Pertama Kalinya, AS Tes Vaksin Virus Corona kepada Manusia
A
A
A
SEATTLE - Ilmuwan Amerika Serikat (AS) telah memberikan dosis pertama vaksin virus Corona baru, COVID-19, kepada manusia. Uji coba ini menempatkan AS memimpin penelitian perlindungan terhadap virus COVID-19 di tengah melonjaknya pandemi Corona.

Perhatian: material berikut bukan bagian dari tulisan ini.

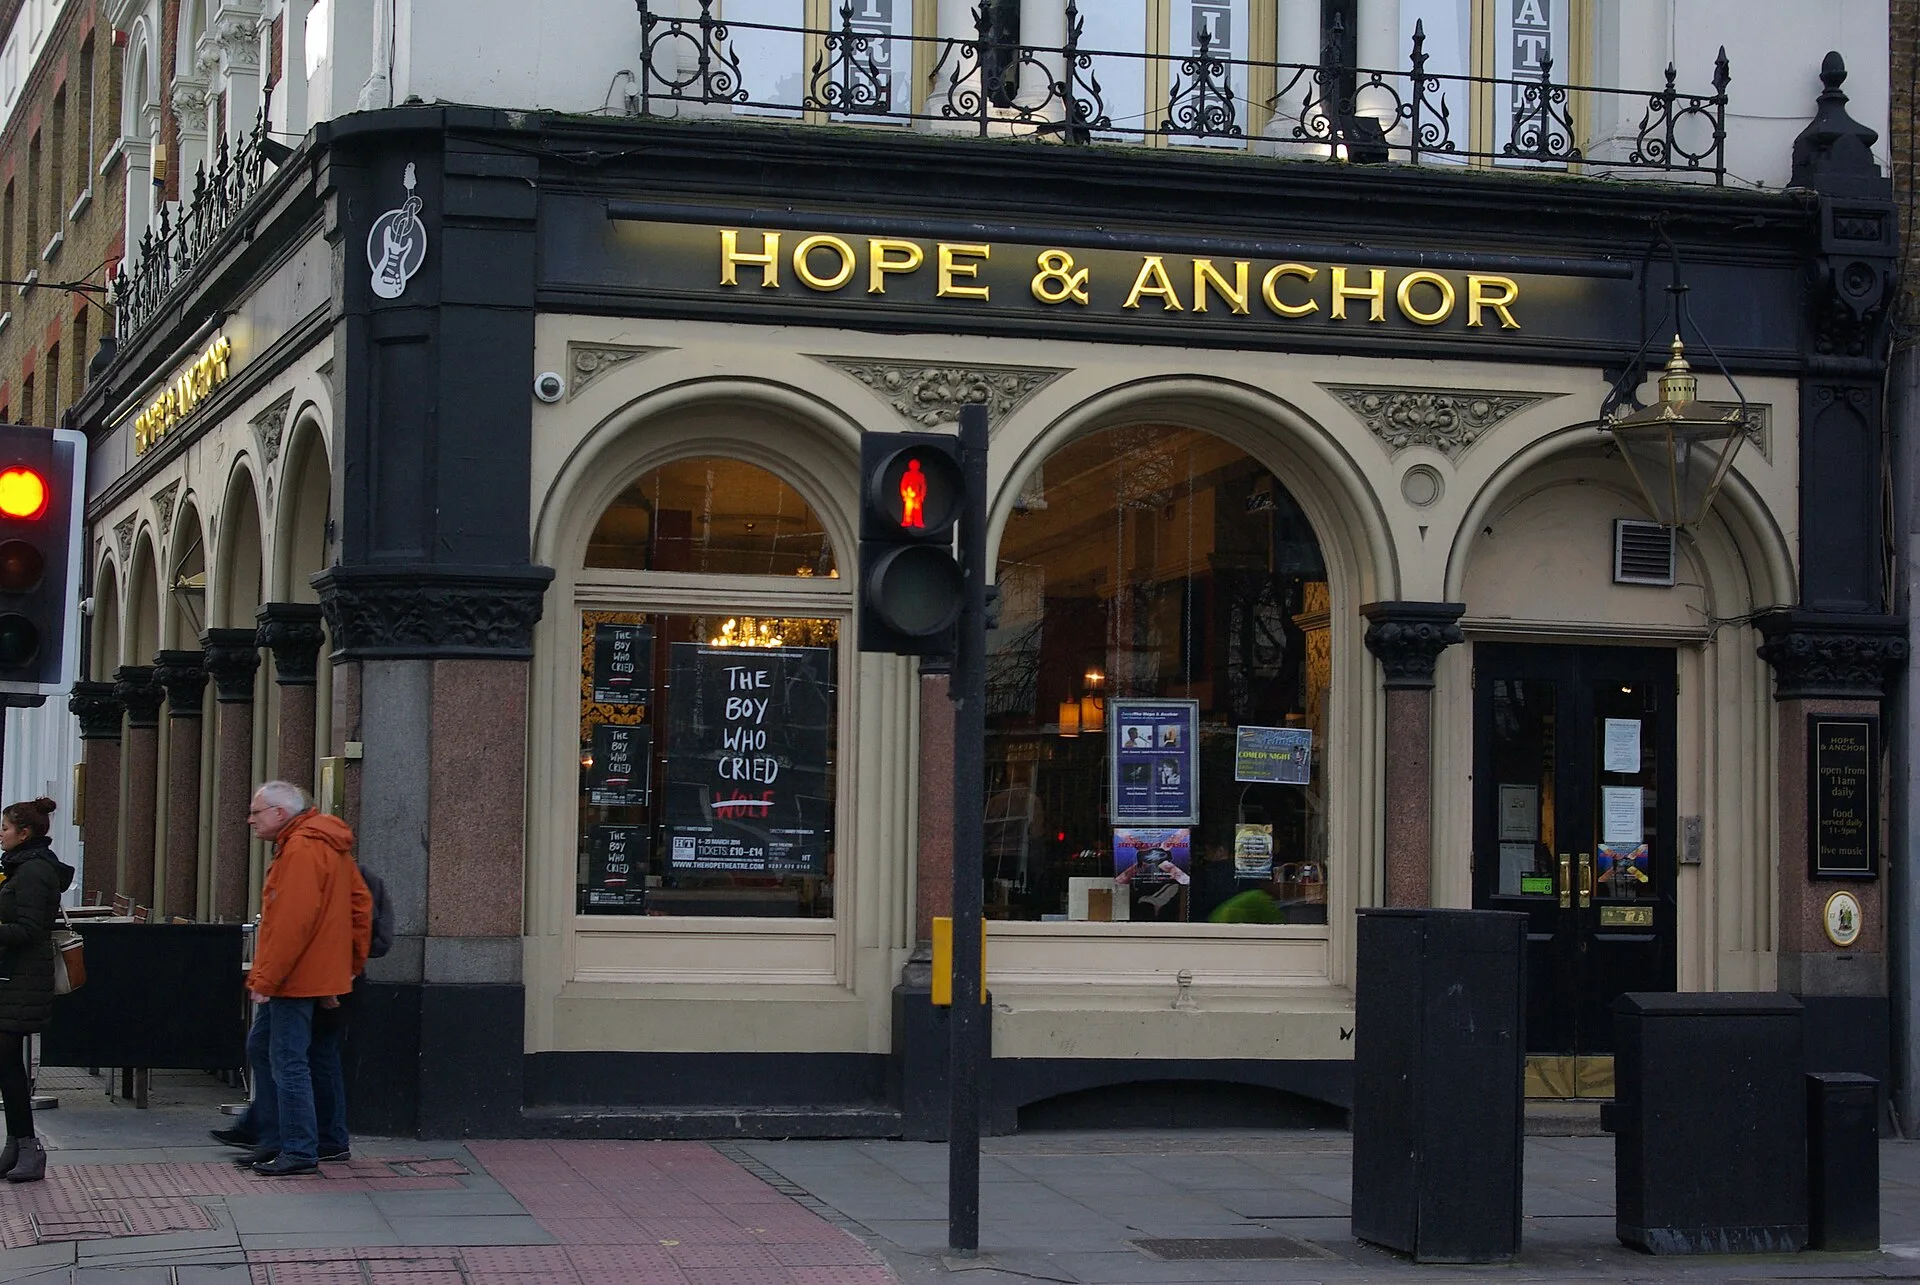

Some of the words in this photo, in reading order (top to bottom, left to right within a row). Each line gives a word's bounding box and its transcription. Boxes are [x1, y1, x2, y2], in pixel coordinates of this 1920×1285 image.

Menyuntikkan vaksin dengan hati-hati ke lengan sukarelawan yang sehat, para ilmuwan Kaiser Permanente Washington Research Institute di Seattle memulai penelitian tahap pertama yang ditunggu-tunggu dengan cemas tentang potensi vaksin COVID-19 yang dikembangkan dalam waktu singkat setelah virus baru itu meledak di China dan menyebar ke seluruh penjuru dunia.
Kandidat vaksin yang diberi nama kode mRNA-1273 dikembangkan oleh Institut Kesehatan Nasional (NIH) dan perusahaan bioteknologi yang berbasis di Massachusetts, Moderna Inc. Tidak ada kemungkinan peserta dapat terinfeksi dari suntikan karena mereka tidak mengandung virus Corona itu sendiri.
"Kami tim coronavirus sekarang," kata pemimpin studi Kaiser Permanente, Dr. Lisa Jackson pada malam sebelum eksperimen.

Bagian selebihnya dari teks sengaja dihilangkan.